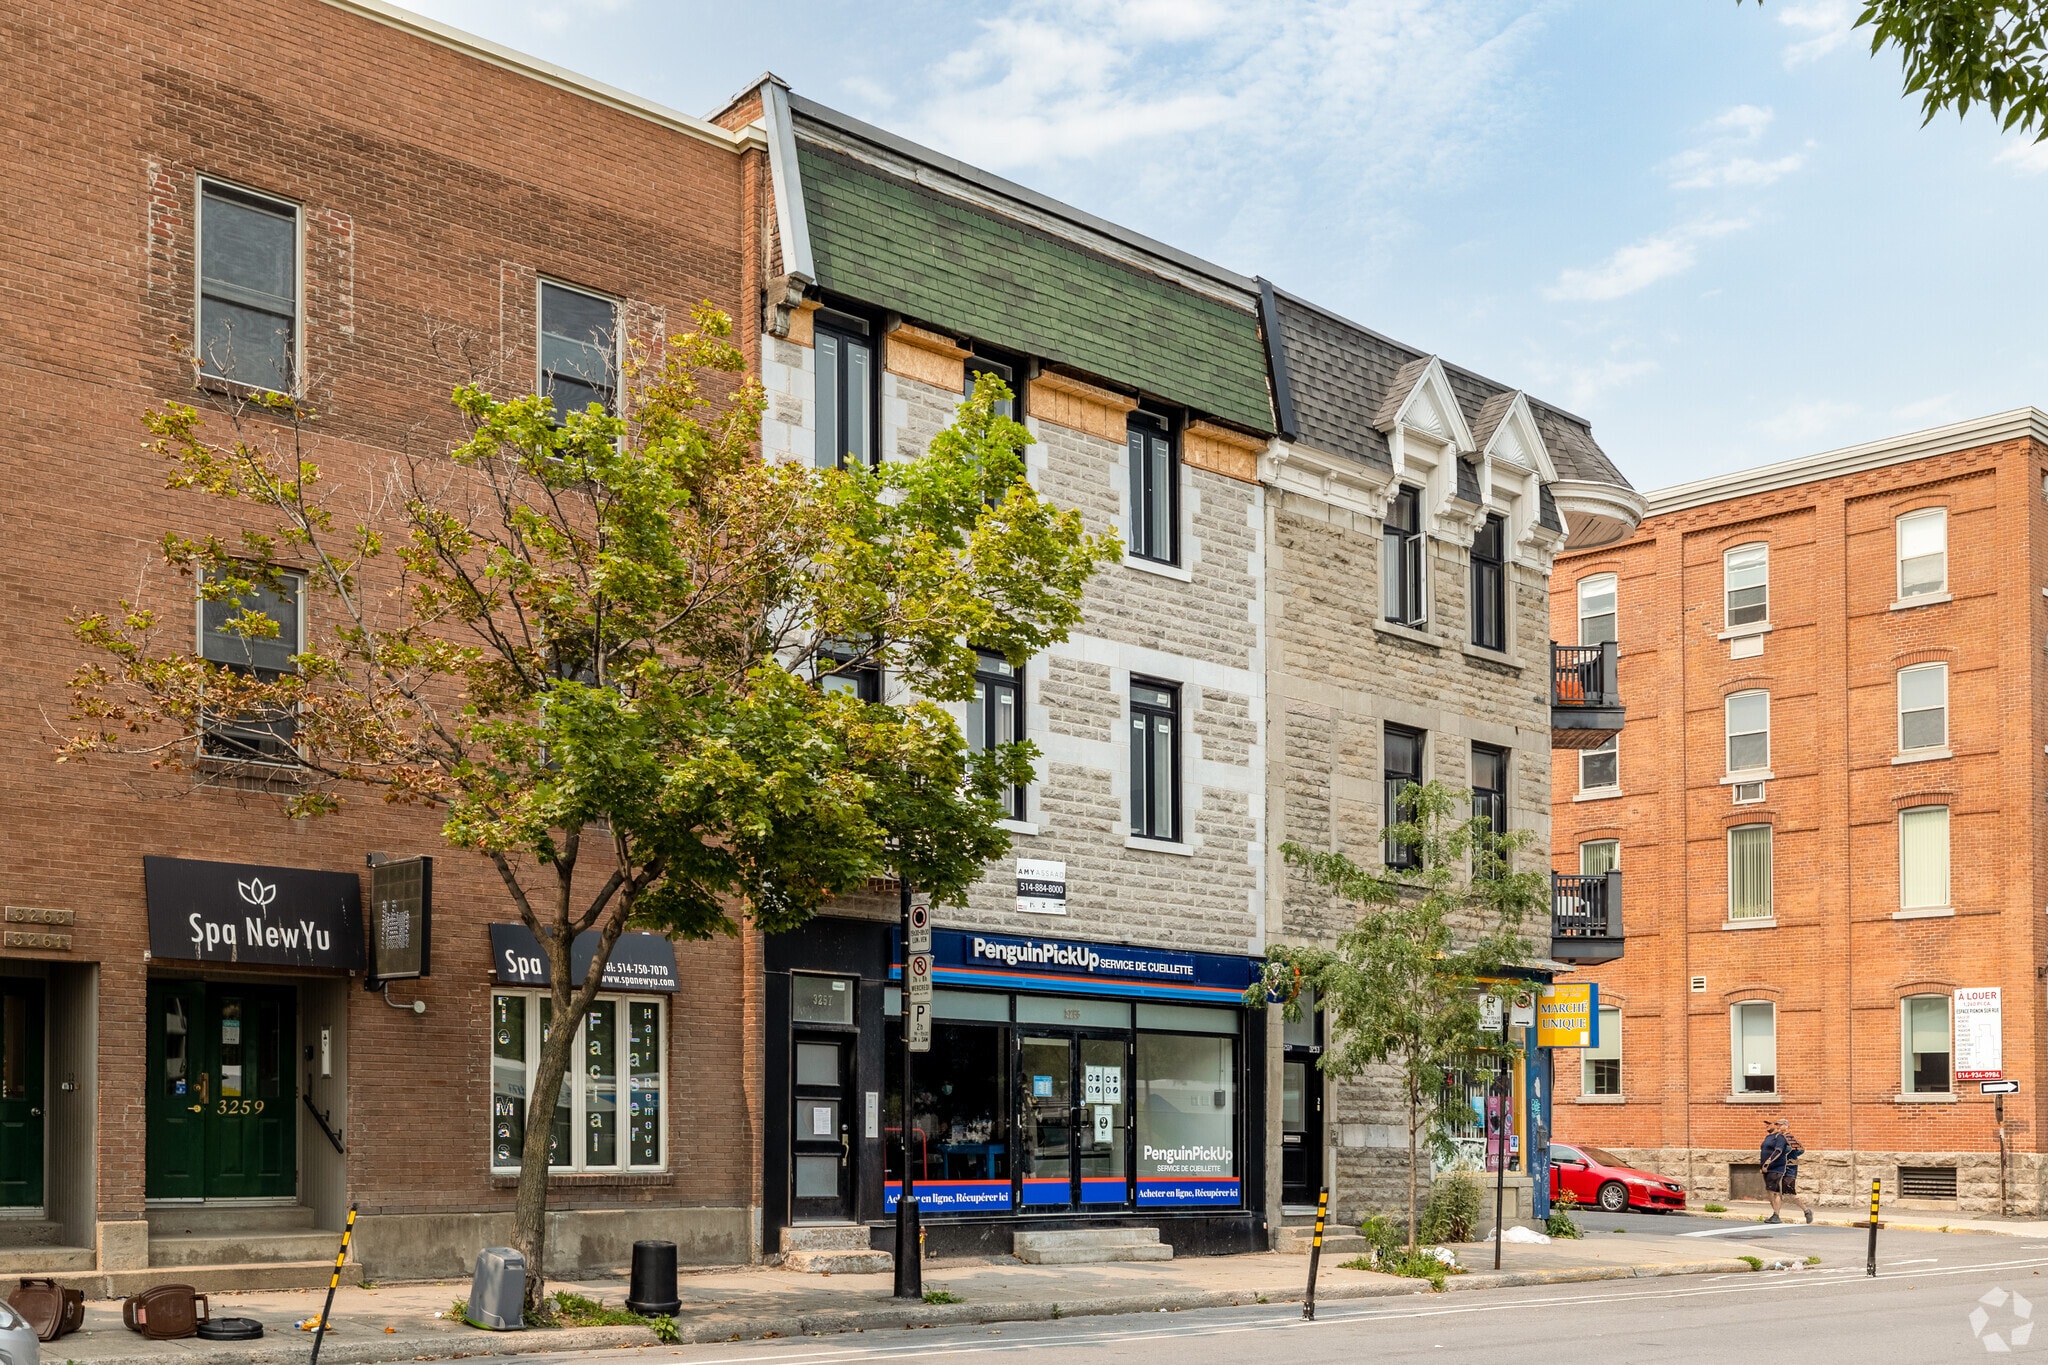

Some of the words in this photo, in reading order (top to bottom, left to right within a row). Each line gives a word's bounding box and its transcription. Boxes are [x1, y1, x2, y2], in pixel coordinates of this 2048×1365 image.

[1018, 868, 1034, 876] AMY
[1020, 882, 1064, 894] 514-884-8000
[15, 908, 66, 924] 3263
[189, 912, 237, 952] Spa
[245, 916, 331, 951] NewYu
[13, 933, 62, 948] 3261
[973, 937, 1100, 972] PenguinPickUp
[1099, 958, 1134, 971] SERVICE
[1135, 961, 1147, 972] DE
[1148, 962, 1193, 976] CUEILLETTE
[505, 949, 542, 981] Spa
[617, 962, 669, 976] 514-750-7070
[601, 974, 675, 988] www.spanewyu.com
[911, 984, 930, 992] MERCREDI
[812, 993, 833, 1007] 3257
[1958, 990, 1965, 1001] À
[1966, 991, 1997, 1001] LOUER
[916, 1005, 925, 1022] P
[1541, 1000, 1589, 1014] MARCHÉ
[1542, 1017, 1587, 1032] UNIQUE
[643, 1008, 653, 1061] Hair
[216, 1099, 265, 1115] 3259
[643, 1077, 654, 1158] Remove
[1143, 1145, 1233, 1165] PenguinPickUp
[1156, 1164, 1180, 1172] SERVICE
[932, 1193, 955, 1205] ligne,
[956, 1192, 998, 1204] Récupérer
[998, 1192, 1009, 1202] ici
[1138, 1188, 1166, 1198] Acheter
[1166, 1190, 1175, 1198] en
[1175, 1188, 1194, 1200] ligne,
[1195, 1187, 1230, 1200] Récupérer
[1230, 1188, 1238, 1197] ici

+--

Reproduce the data above without a single change, please, but without its pictures.

Some of the words in this photo, in reading order (top to bottom, left to right within a row). Each line gives a word's bounding box and its transcription. Boxes are [x1, y1, x2, y2], in pixel coordinates of this 2048×1365 image.

[1018, 868, 1034, 876] AMY
[1020, 882, 1064, 894] 514-884-8000
[15, 908, 66, 924] 3263
[189, 912, 237, 952] Spa
[245, 916, 331, 951] NewYu
[13, 933, 62, 948] 3261
[973, 937, 1100, 972] PenguinPickUp
[1099, 958, 1134, 971] SERVICE
[1135, 961, 1147, 972] DE
[1148, 962, 1193, 976] CUEILLETTE
[505, 949, 542, 981] Spa
[617, 962, 669, 976] 514-750-7070
[601, 974, 675, 988] www.spanewyu.com
[911, 984, 930, 992] MERCREDI
[812, 993, 833, 1007] 3257
[1958, 990, 1965, 1001] À
[1966, 991, 1997, 1001] LOUER
[916, 1005, 925, 1022] P
[1541, 1000, 1589, 1014] MARCHÉ
[1542, 1017, 1587, 1032] UNIQUE
[643, 1008, 653, 1061] Hair
[216, 1099, 265, 1115] 3259
[643, 1077, 654, 1158] Remove
[1143, 1145, 1233, 1165] PenguinPickUp
[1156, 1164, 1180, 1172] SERVICE
[932, 1193, 955, 1205] ligne,
[956, 1192, 998, 1204] Récupérer
[998, 1192, 1009, 1202] ici
[1138, 1188, 1166, 1198] Acheter
[1166, 1190, 1175, 1198] en
[1175, 1188, 1194, 1200] ligne,
[1195, 1187, 1230, 1200] Récupérer
[1230, 1188, 1238, 1197] ici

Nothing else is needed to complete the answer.